Miał takie zarąbiste włosy. Wszystkie się w nim kochały.
Najważniejszy jest czas – ważne, aby dla fotografowanych osób mieć czas, bo to on buduje zaufanie.
To była okazja, aby spotkać się z tymi, których znam, ale mam dla nich mało czasu oraz z tymi, których nie znałam, a teraz chcę do nich wracać.
Ja dobrze pamiętam tę panią, ona tu u mnie się zatrzymała. Ja nie wiedziałam co ona robi. Kiedyś do kuchni weszła, zapytała czy może zdjęcie zrobić, ja akurat z pracy wróciłam.
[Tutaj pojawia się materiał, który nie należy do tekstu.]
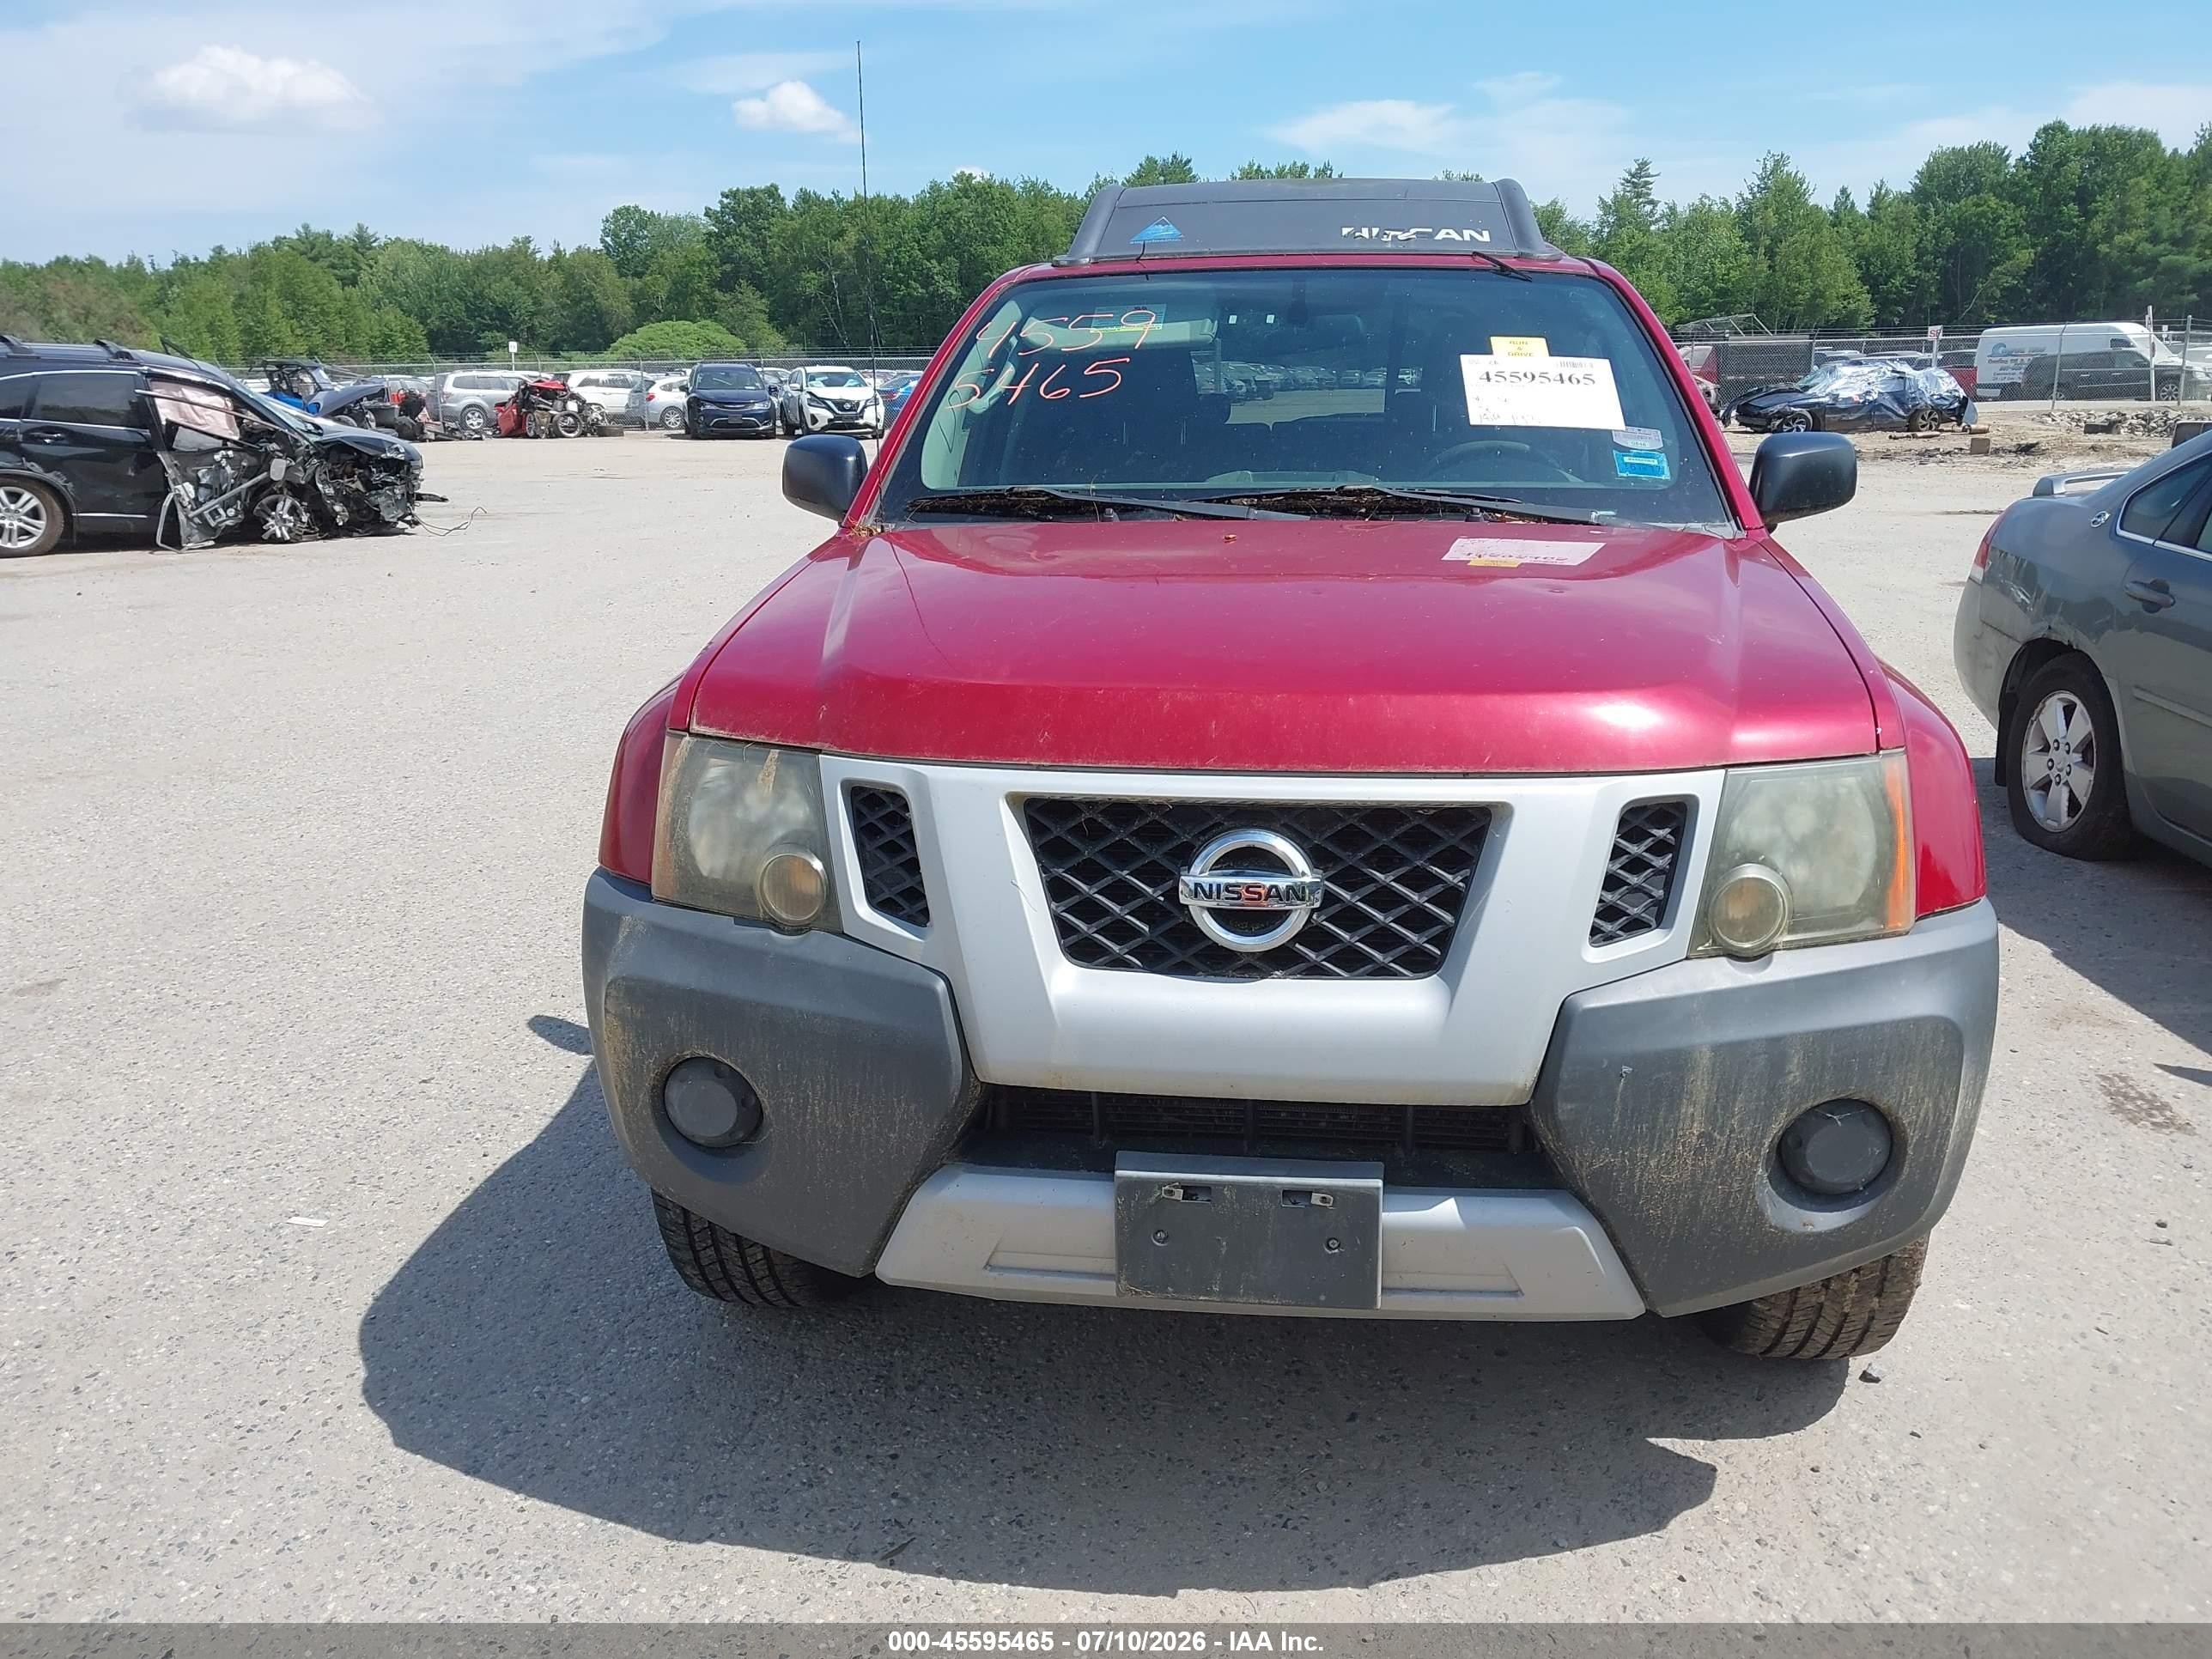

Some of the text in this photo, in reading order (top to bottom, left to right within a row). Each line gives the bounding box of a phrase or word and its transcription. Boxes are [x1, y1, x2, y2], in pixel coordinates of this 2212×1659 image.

I takie zdjęcie mam.
Ta pani miała mi tyle do opowiedzenia, że umówiłyśmy się na kolejne spotkanie.
Bardzo dużo rozmawialiśmy. Ale jak fotografowałem, to milkliśmy, a atmosfera była podniosła.
Tego domu już nie ma
Przez tydzień codziennie robiłam jedno zdjęcie – nie rozstawałam się z aparatem i statywem.
Fotografowałam osoby, które znam, nierzadko bardzo dobrze, albo bardzo długo – na przykład 15 lat. Ale nigdy nie byłam u nich w domu.
Nie chciałam kopiować tego, jak pracowała Zofia Rydet. Chciałam, aby to było też trochę moje, dokumentalne, ale nie do końca.